> _TASK OBJECTIVE_
Your reply should be a faithful copy of the records below, free of pictures.

◇ ◇ ◇

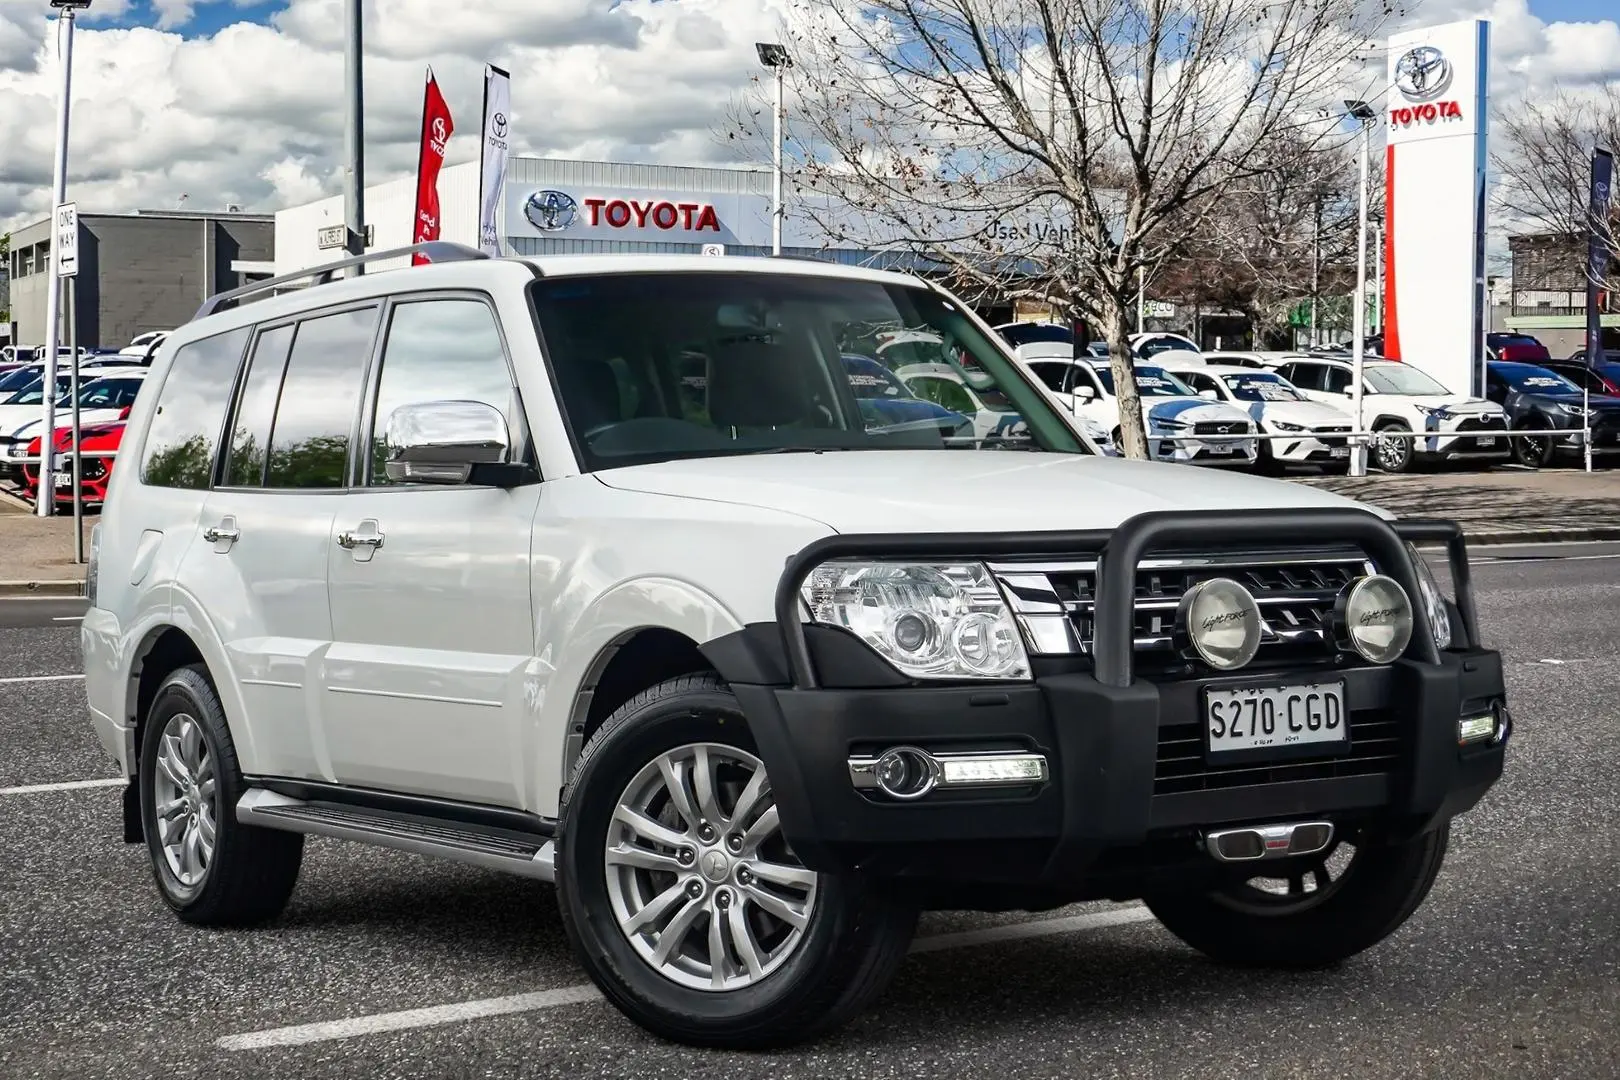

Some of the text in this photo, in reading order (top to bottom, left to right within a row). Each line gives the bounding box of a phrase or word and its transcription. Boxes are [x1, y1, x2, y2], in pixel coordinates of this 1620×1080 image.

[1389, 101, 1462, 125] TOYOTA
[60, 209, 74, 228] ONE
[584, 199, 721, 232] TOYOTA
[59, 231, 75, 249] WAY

◇ ◇ ◇

> _TASK RESULT_
Some of the text in this photo, in reading order (top to bottom, left to right within a row). Each line gives the bounding box of a phrase or word and its transcription. Boxes are [x1, y1, x2, y2], in pixel coordinates of this 1620×1080 image.

[1389, 101, 1462, 125] TOYOTA
[60, 209, 74, 228] ONE
[584, 199, 721, 232] TOYOTA
[59, 231, 75, 249] WAY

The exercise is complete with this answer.